Implemented features

• Compilation of 32-bit integer values and open-coded application of + - * / = operators
• comparison operators = < > <= >= for 32-bit integers
• Scheme if statement to Wasm if statement
• Scheme lambda expressions to Wasm functions and values that can be applied to arguments
• Port the compiler from Racket #lang sicp to standard R6RS Scheme (still using Racket as the development platform)
• A simple compiler "driver" that can be given a Scheme program from standard input and that emits a Wasm module to standard output in WAT format
• Makefile for building the compiler and regression test execution
• Regression tests for the implemented features
  • Tests are specified in WAST and executed with WABT's spectest-interp tool
  • The tests invoke the compiler with a Scheme library, compile it and check the executed WebAssembly's result with WAST assertions
  • See test-compiler for the tests.
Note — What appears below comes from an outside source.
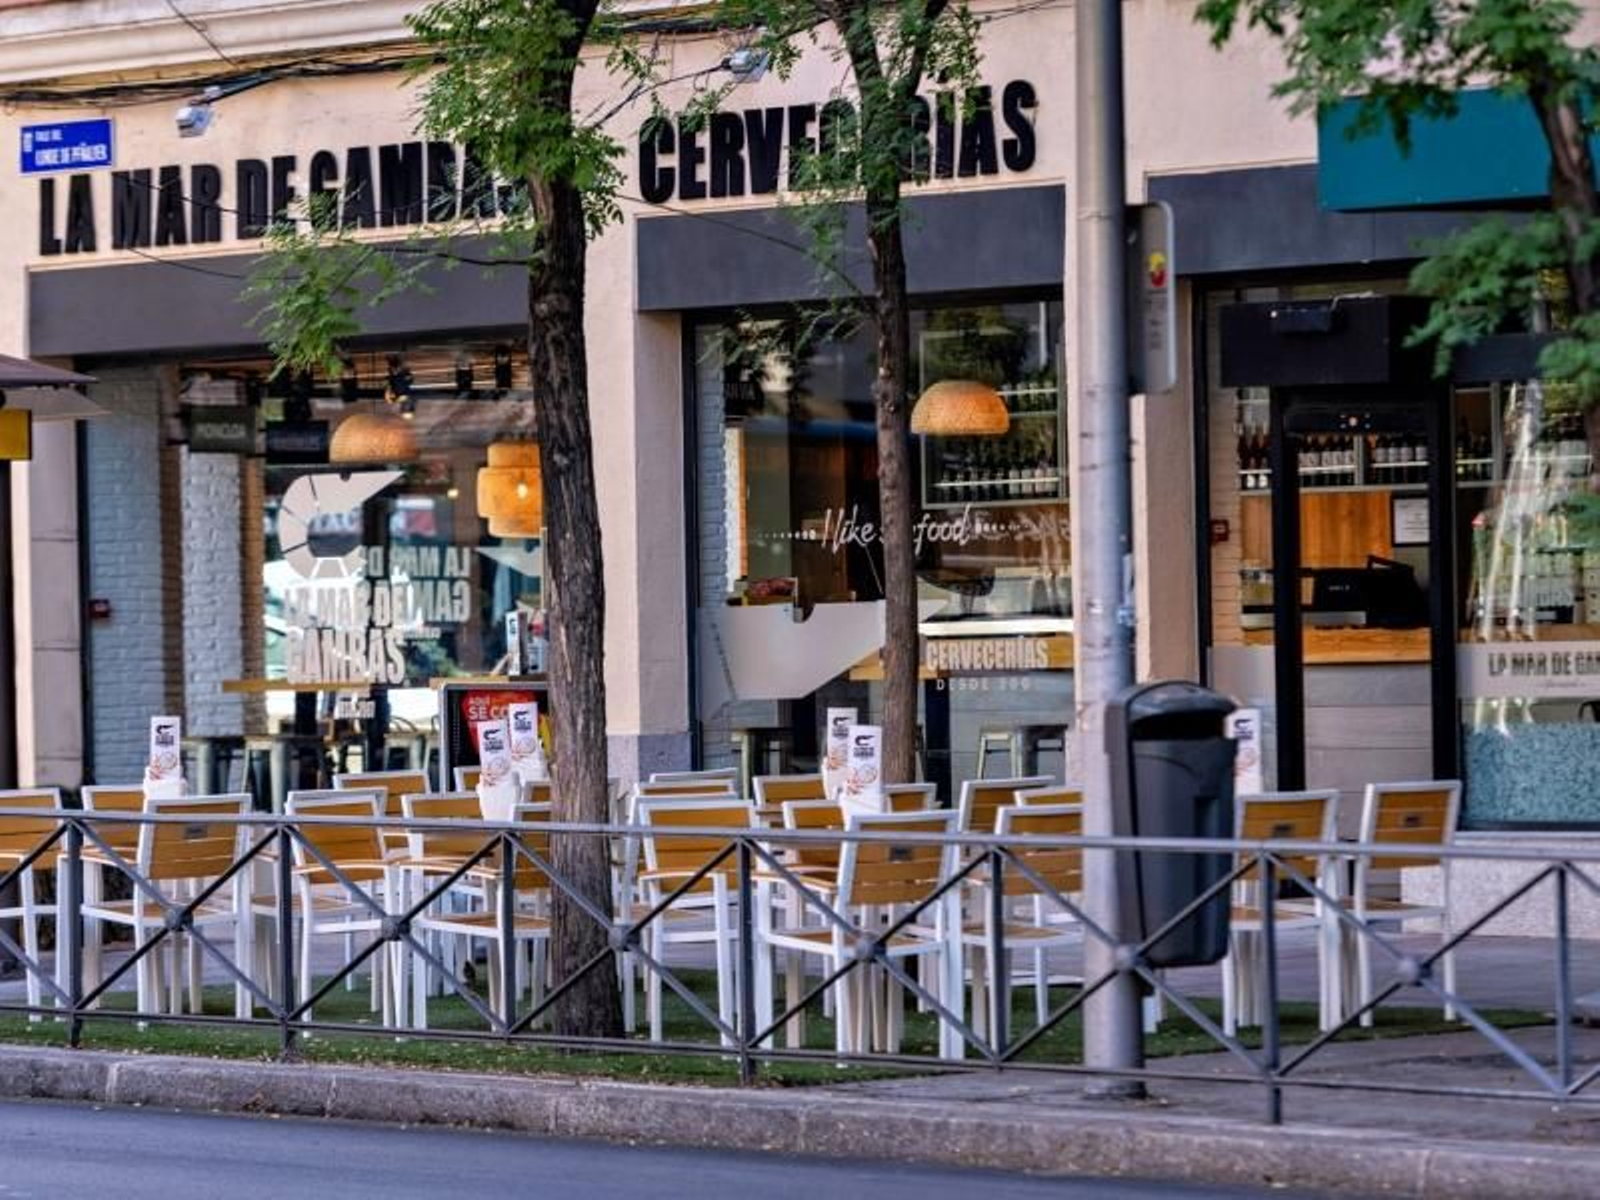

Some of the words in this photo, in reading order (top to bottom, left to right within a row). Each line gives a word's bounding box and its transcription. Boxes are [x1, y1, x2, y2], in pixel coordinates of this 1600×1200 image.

They also give an overall idea of what works and has been implemented in the compiler.
• Compilation of Scheme R7RS library to a Wasm module with the top-level code in an exported func "main"
• Top-level define of values and procedures
• set! top-level and in-scope binding values
• Support for exported top-level procedure definitions with R7RS libary syntax
• Basic syntax and semantic error detection and tests for error handling
• Implement let and let* with Wasm locals instead of lambda, if possible. (Using the bindings in closures will need further work)
• and and or expressions with short circuit using Wasm block structure and conditional branch instructions
• not expression
• Compile cond to Wasm block structure and conditional branch instructions
• Special form symbols and inlined procedures can be overridden with local bindings
• Add a way to raise errors from compiled code. Needed for halting the program when a type error is detected.
• Convert the source code R7RS-small Scheme and switch to Guile as the host Scheme implementation. (It would have been natural to use MIT Scheme for this project because of its SICP origins, but it does not support the M1 Apple Silicon Mac I am using as my main machine.)
• Add bit tagged typing to values and type predicates: number?, boolean?, procedure? and uninitialized and unspecified values and add type checking to generated code.
• Literal symbols
• Literal strings
• eqv? implementation for supported types (6.1 [R7RS]). Equivalent to eq? with the currently supported types.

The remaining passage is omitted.